Saturday February 24, 2024

How much hair loss is normal?

Everyone experiences hair loss at different rate, but certain factors determine its normalcy

By Web Desk
February 07, 2024
A person massaging their head. — Medical News Today/File
A person massaging their head. — Medical News Today/File

While some of us ball up the stray hair in our hands and let it wash down the drain which eventually clogs the pipes, others place it on the shower wall to be removed at the end signifying that we're all a little worried about losing hair.

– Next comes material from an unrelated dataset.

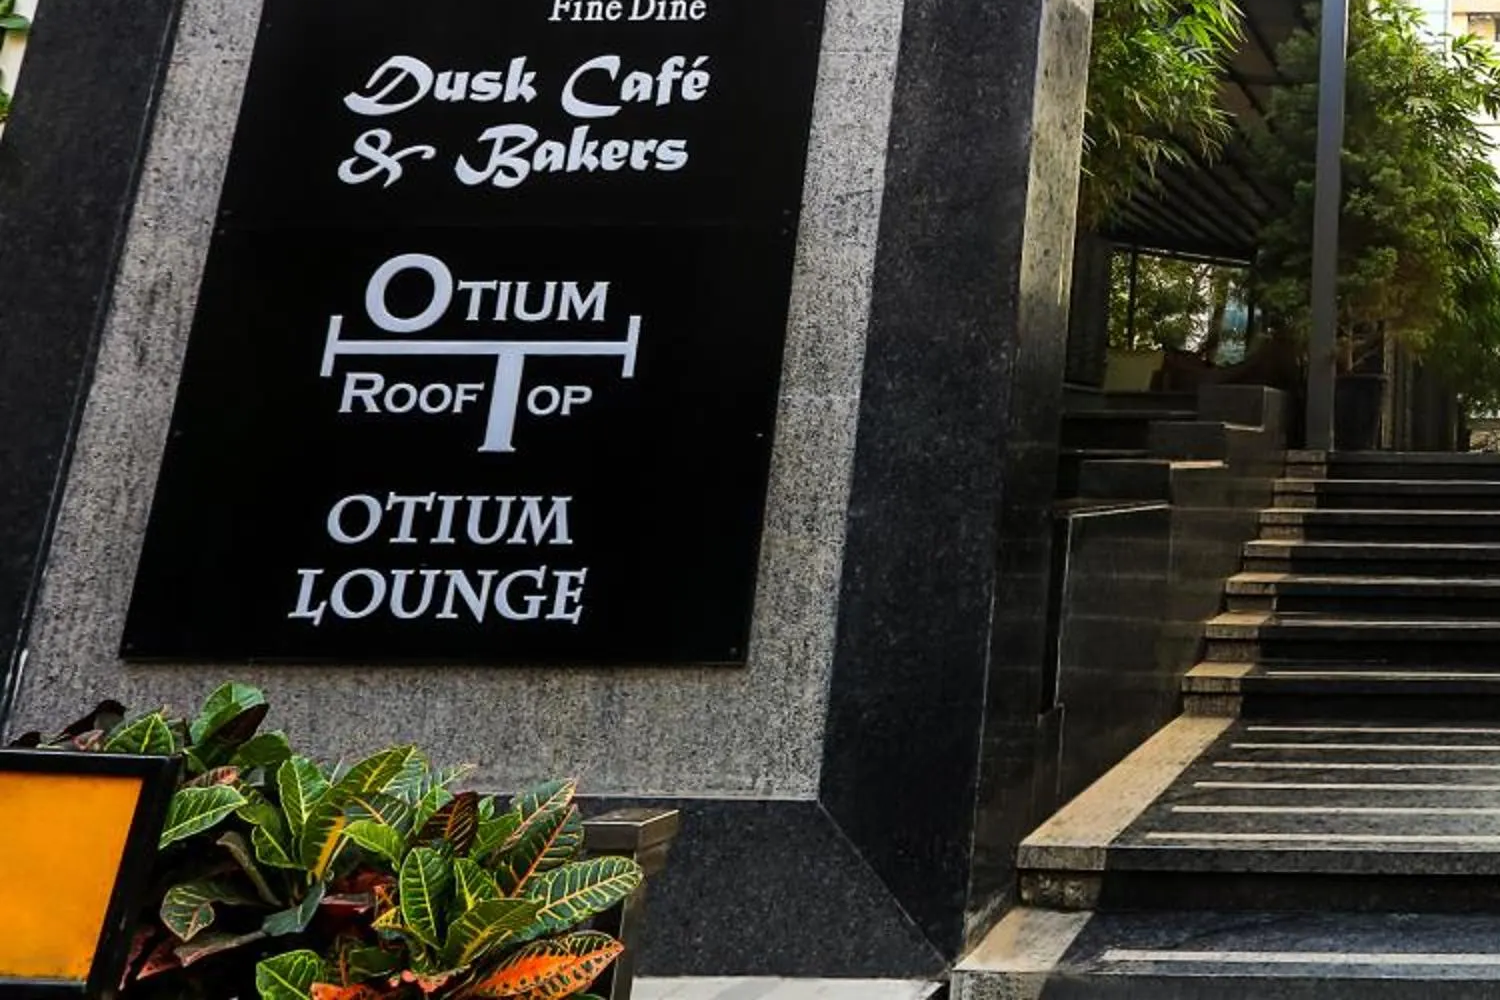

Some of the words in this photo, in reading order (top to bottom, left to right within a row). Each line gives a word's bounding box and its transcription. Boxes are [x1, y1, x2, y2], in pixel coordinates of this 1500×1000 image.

Fortunately, there's good news, as board-certified dermatologist Julia Schwartz, MD, FAAD, who serves as Ro's dermatology advisor, says that it's unlikely that you're losing as much hair as you believe you are, and that it's common for a woman to lose up to 100 strands of hair every day, according to Health.

However, some conditions such as alopecia areata, cancer therapy, or vitamin deficiencies can result in increased concerns that can lead to more hair loss than is expected.

Aging naturally also causes hair loss. As people age, almost everyone has some degree of hair loss because certain hair follicles stop creating new hair and hair development slows down. This condition is known as androgenetic alopecia, or baldness with both a male and female pattern. In men, the loss of hair typically occurs around the temples or crown of the head; in women, the hair becomes less thick, exposing more of the scalp.

Everyone experiences hair loss at a different rate, so determining what is "normal" for you will depend on how you normally lose hair. For example, if you appear to be losing a lot of hair but aren't showing much more of your scalp, you're most likely just going through your regular cycle of hair growth and shedding.

Unfortunately, hair loss cannot be totally prevented. Furthermore, no one is aware of any mystical tactics that will assist you in maintaining your gorgeous locks atop your head.

Since every person is different and hair loss can be caused by a range of uncontrollable variables such as aging, hereditary, and medical disorders, we frequently have to accept the hand we're dealt.